Электроник на прощание сказал:
— Я буду обдумывать эту задачу. Я проконсультируюсь со специалистами.
Биолог погрузился в размышления возле бесценной коровы. Он слышал, как за стеной ворчит отец. Бесполезно было объяснять ему все значение проекта "Космический корабль «Земля» и, в частности, первого искусственного животного для будущего человечества. Вот если бы это будущее было представлено не животным, а каким-нибудь шагающим планетоходом, отец бы с радостью принял участие в его дальнейшей судьбе. Сейчас на инженера не могли повлиять никакие научные авторитеты…
Через час отец вошел в прихожую, громко оповестил:
— Я вызвал специалиста с выставки.
— Откуда? — спросил сын.
— С Выставки достижений народного хозяйства. Пусть корову забирают себе… Все же научное учреждение.
… Представитель выставки, позвонив в дверь, спросил, здесь ли содержится экспонат из колхоза «Юпитер». Инженер без лишних слов провел специалиста к корове.
— Любопытная порода, — признал специалист. — Как же она попала в квартиру?
— Спросите у моего сына, — кивнул Смирнов. — Он изобретатель.
Изобретатель молчал.
Специалист похвалил внешний вид, прикинул на глазок вес, но, узнав, что корову кормят кукурузными хлопьями, махнул рукой, заявил, что такой экспонат для выставки не годится.
— Почему? — спросил инженер.
— Милый человек, — прищурился специалист, — сам подумай: мы демонстрируем рекордсменов, выращенных в типичных условиях, а не на кукурузных хлопьях…
Через два дня Виктор Смирнов вышел из квартиры с большой алюминиевой кастрюлей.
У подъезда его ждал приятель с мотоциклом. Витька сел в коляску, обхватил руками кастрюлю.

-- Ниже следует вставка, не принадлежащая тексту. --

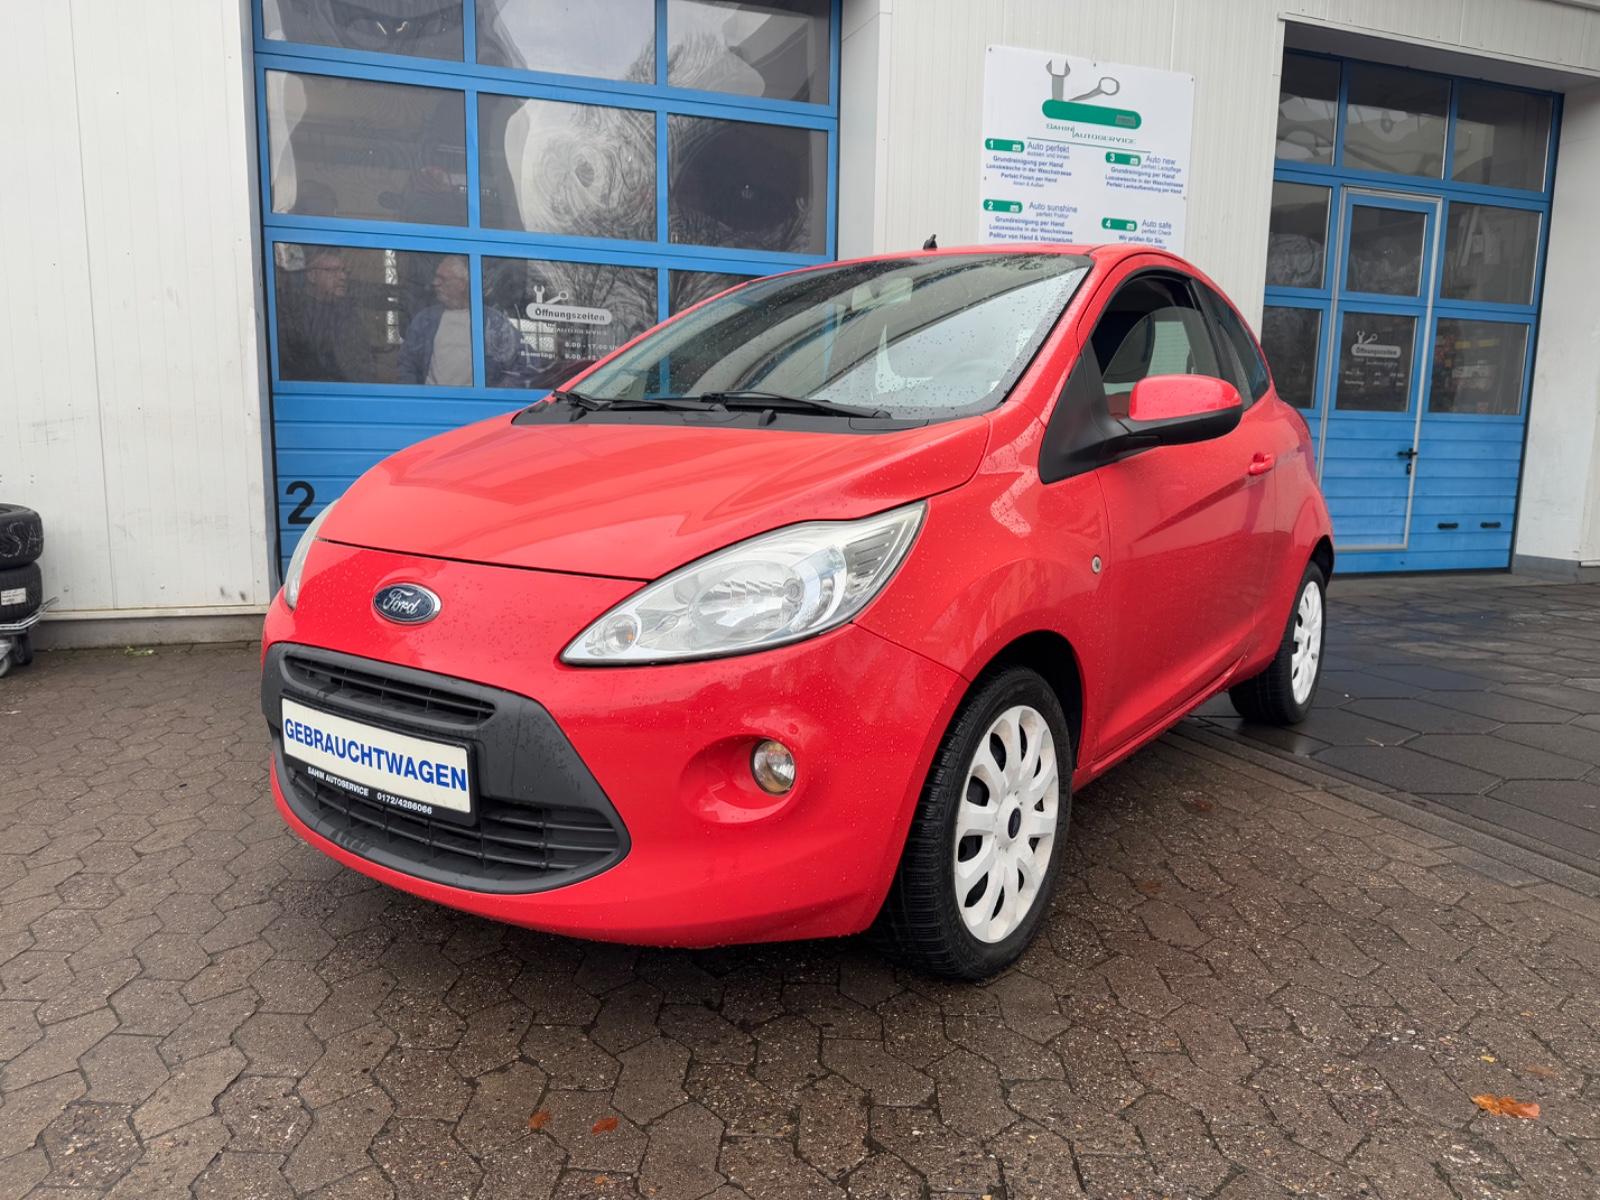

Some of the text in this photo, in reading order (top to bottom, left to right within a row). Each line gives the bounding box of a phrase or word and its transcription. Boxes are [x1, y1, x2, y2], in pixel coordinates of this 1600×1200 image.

Там лежало бесценное изобретение: маленькая, с кошку величиной, живая корова. Она уменьшилась, будто была надувная, до прежних размеров, как только ее перестали кормить.
Электроник, соединившись по радио с Рэсси, описал необыкновенный рост искусственного животного, и тот сообщил в ответ, что его постоянный спутник Китюп — кит Юпитера — иногда по неизвестным причинам уменьшается в размерах, но затем приобретает прежний вид. Может быть, это была особенность всех живых существ Юпитера? Во всяком случае, Электроник по телефону посоветовал Виктору пока не кормить корову. Да у того и не было никакой возможности таскать в квартиру коробки с хлопьями. Хорошо еще, что запертая в его комнате корова не мычала, вела себя тихо, постепенно уменьшаясь в размерах.
В ее молчании было что-то общее с поведением загадочного Китюпа, о котором, как всегда, Рэсси сообщил:
«КИТЮП МОЛЧИТ».
Сейчас корова, лежа в кастрюле, жевала для подкрепления сил в дороге. За городом ее ждал просторный теплый гараж, уставленный коробками с кукурузными хлопьями.
Восьмое апреля. «Концерт для вертолета с оркестром»
Термопил Турин был одним из немногих, кто согласился бы жить в таком городе, как Ойкуменополис: он не любил выходить на улицу. А ему часто приходилось совершать путешествия в далекие страны. Турин был великим пианистом, и за много недель до гастролей билеты на его концерты были распроданы.
Он легко переносил полеты любой протяженности, даже любил их, не испытывая ни малейшего признака волнения от высоты. Сидел прямо в кресле, слушал ровный шум турбин, так похожий на гудящий перед концертом зал, и мысленно играл какой-нибудь сложный этюд. Длинные, нервные пальцы пианиста всегда находились в движении.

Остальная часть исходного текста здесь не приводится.